> [Data provided]:
####################

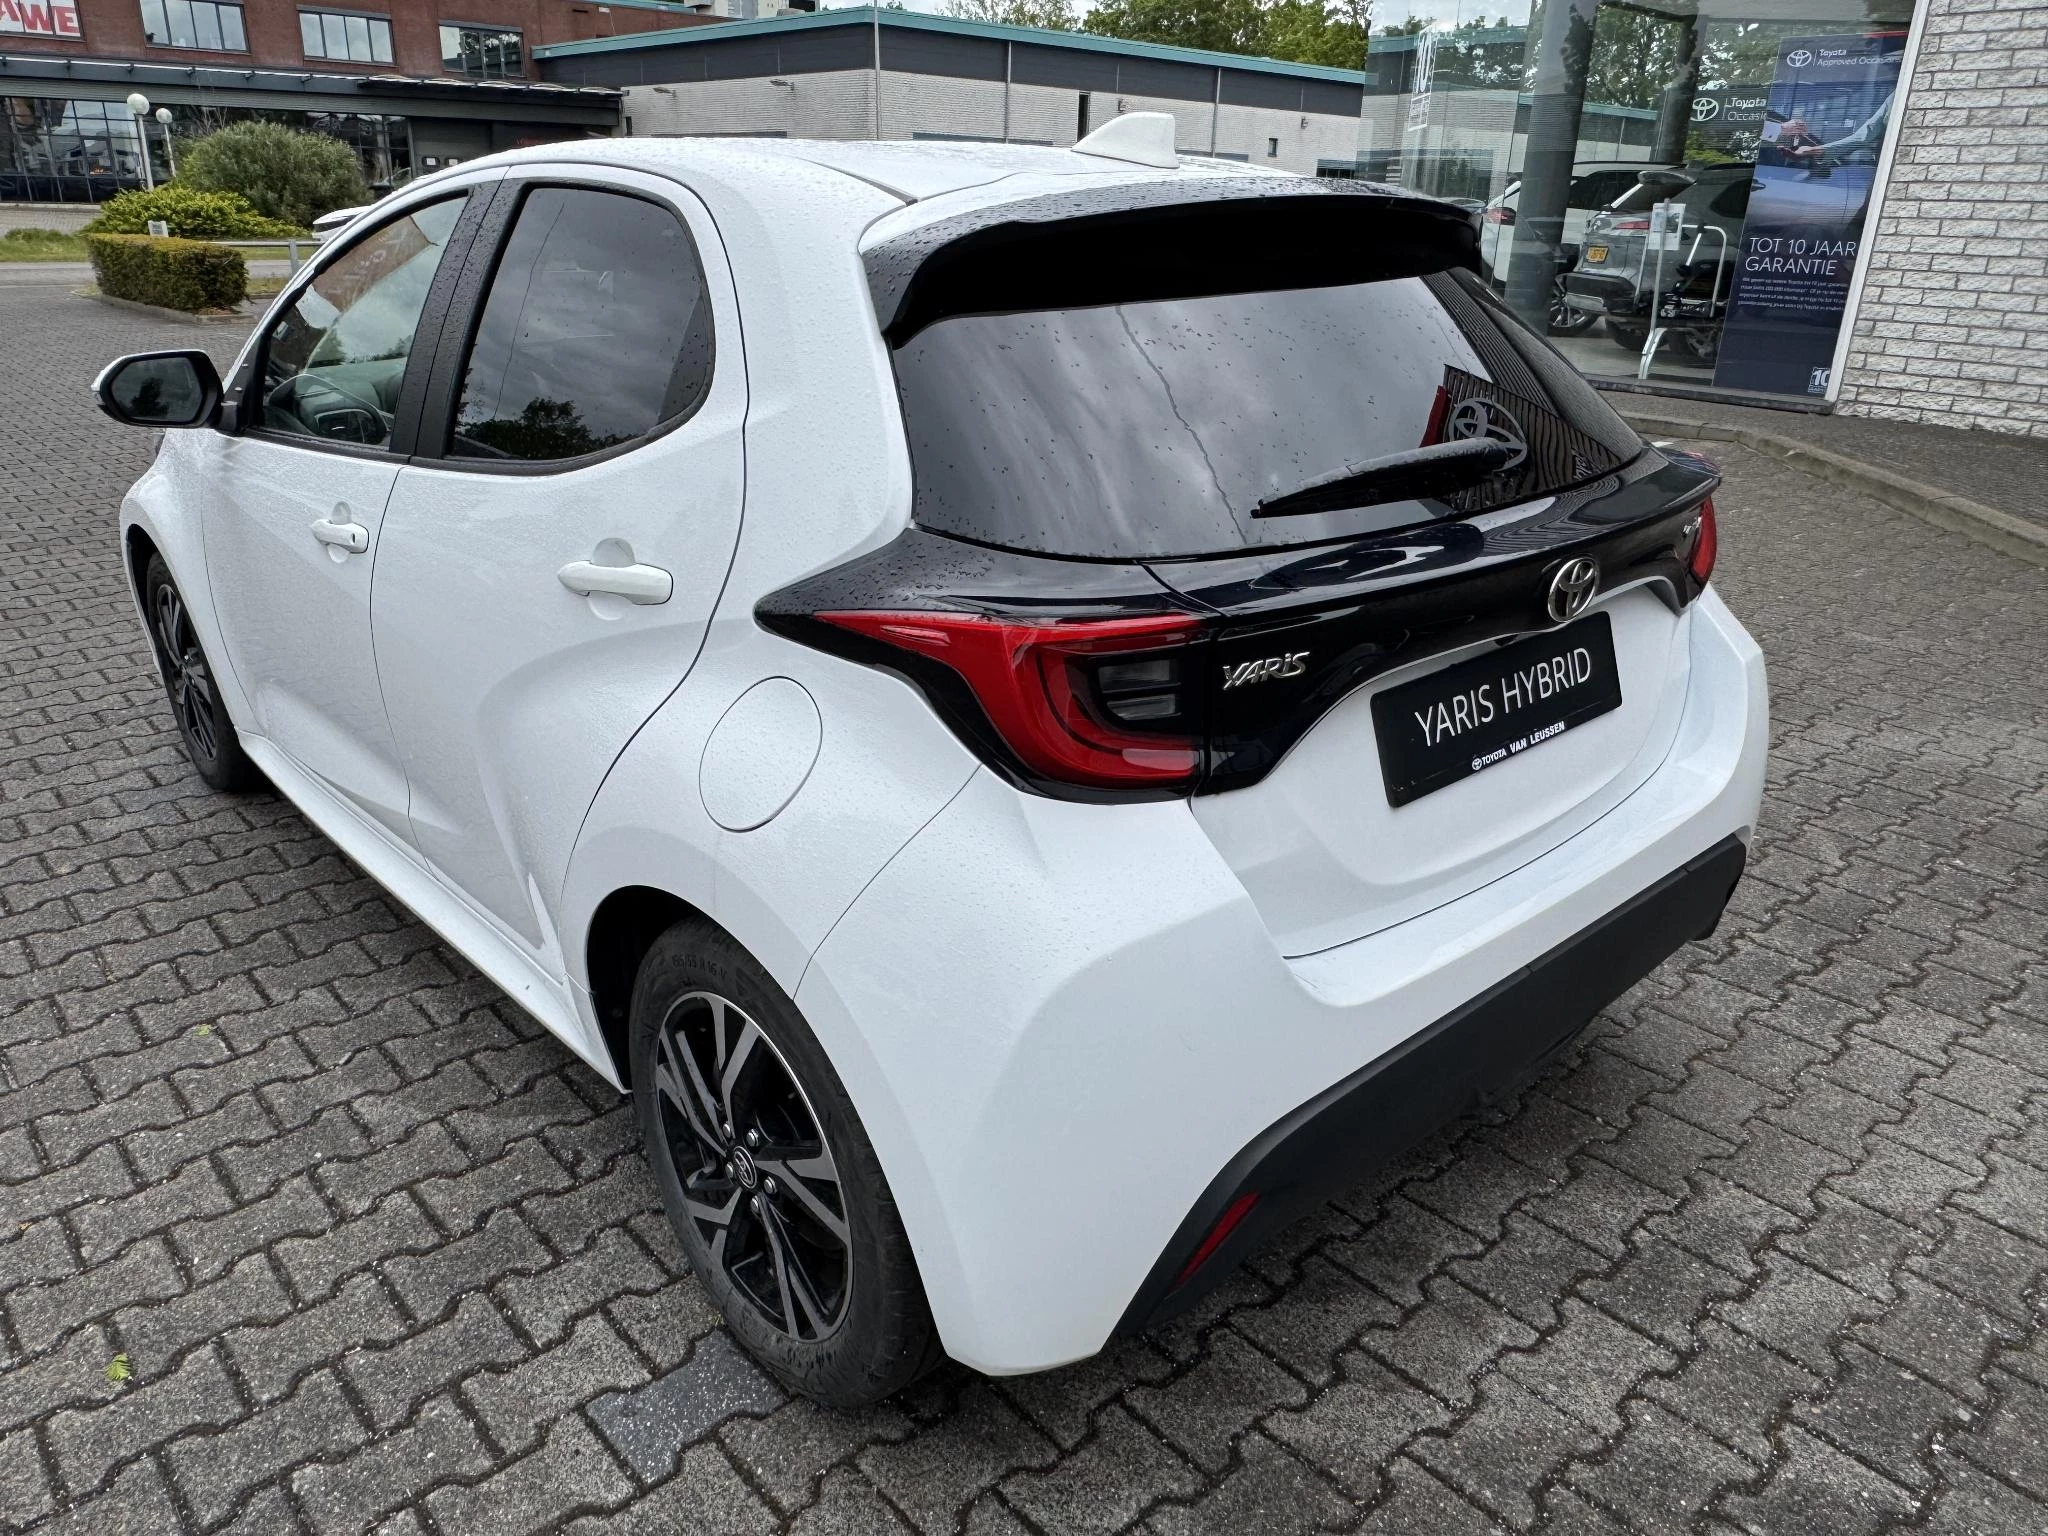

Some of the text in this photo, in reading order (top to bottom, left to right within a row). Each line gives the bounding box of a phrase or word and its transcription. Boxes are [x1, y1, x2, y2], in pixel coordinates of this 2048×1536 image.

[1817, 57, 1857, 67] Approved
[1820, 48, 1847, 58] Toyota
[1730, 97, 1767, 110] Toyota
[1750, 237, 1857, 257] TOT 10 JAAR
[1745, 256, 1838, 276] GARANTIE
[1414, 647, 1592, 747] YARIS HYBRID
[1481, 720, 1566, 766] TOYOTA VAN LEUSSEN
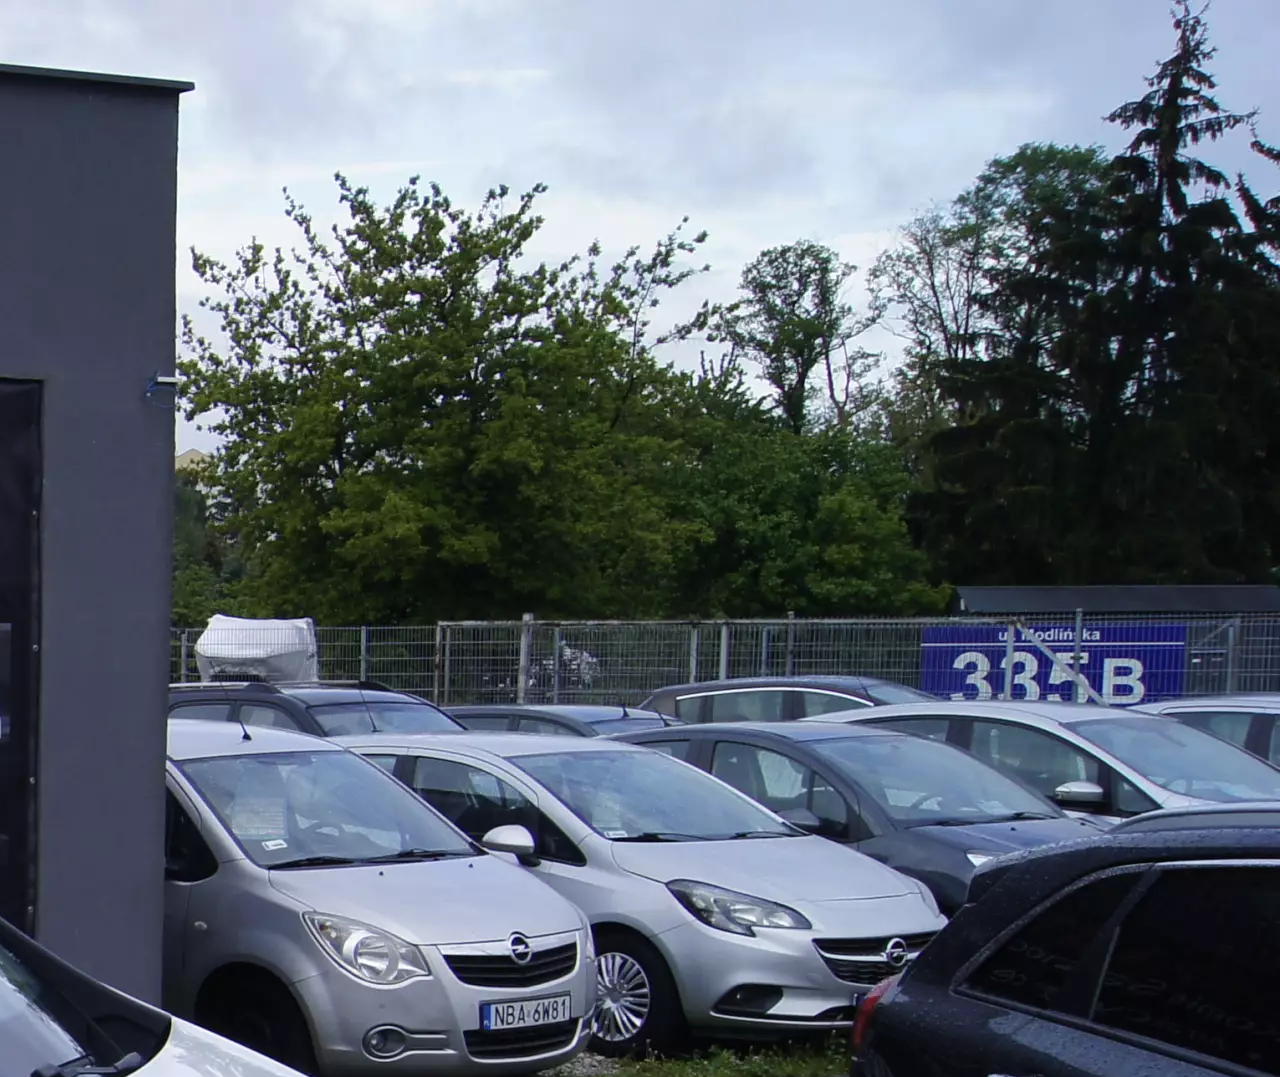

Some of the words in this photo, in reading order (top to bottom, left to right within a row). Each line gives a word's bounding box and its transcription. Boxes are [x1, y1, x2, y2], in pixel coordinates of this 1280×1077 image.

[1022, 628, 1100, 641] odlińka
[495, 1004, 526, 1027] NBA
[533, 998, 567, 1022] 6W81
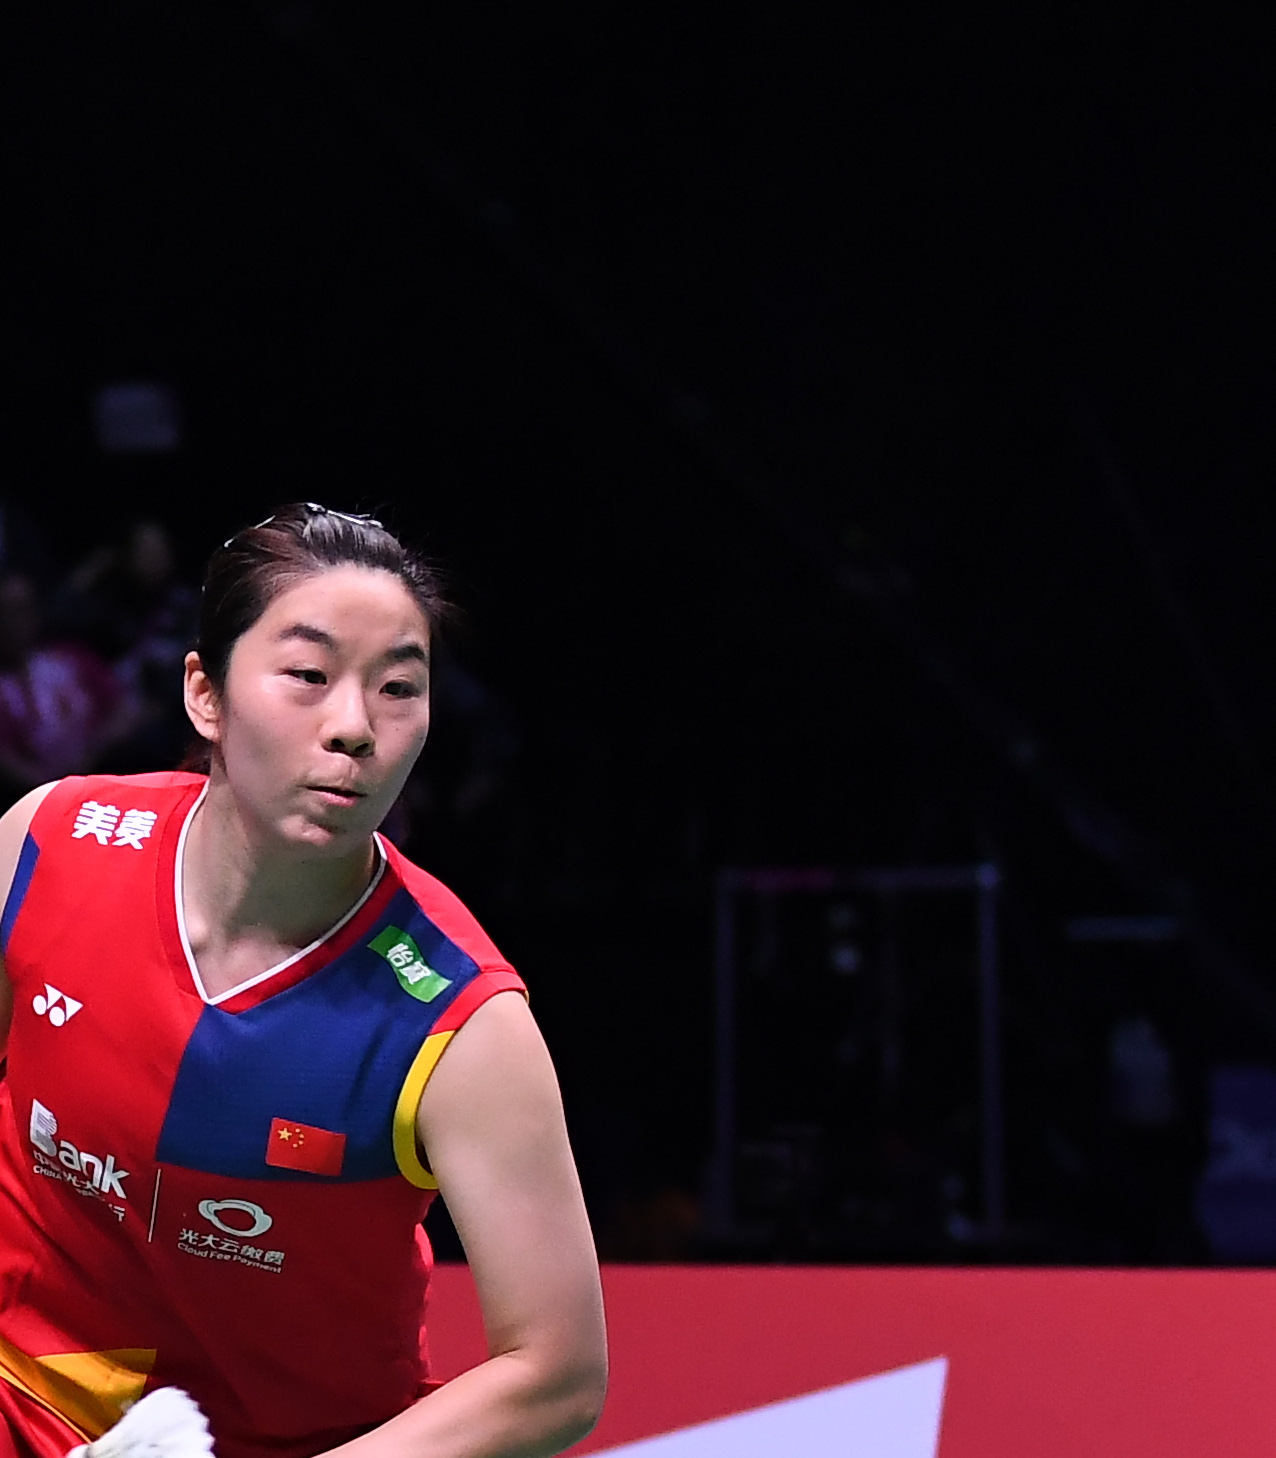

####################

> [Assignment]: Would you write each entry out again exactly, omitting the images?

> [Answer to this exercise]:
Some of the text in this photo, in reading order (top to bottom, left to right within a row). Each line gives the bounding box of a phrase or word and its transcription. Boxes are [x1, y1, x2, y2], in pixel coordinates of this 2048×1536 image.

[1817, 57, 1857, 67] Approved
[1820, 48, 1847, 58] Toyota
[1730, 97, 1767, 110] Toyota
[1750, 237, 1857, 257] TOT 10 JAAR
[1745, 256, 1838, 276] GARANTIE
[1414, 647, 1592, 747] YARIS HYBRID
[1481, 720, 1566, 766] TOYOTA VAN LEUSSEN

Some of the words in this photo, in reading order (top to bottom, left to right within a row). Each line gives a word's bounding box and its transcription. Boxes are [x1, y1, x2, y2], in pixel coordinates of this 1280×1077 image.

[1022, 628, 1100, 641] odlińka
[495, 1004, 526, 1027] NBA
[533, 998, 567, 1022] 6W81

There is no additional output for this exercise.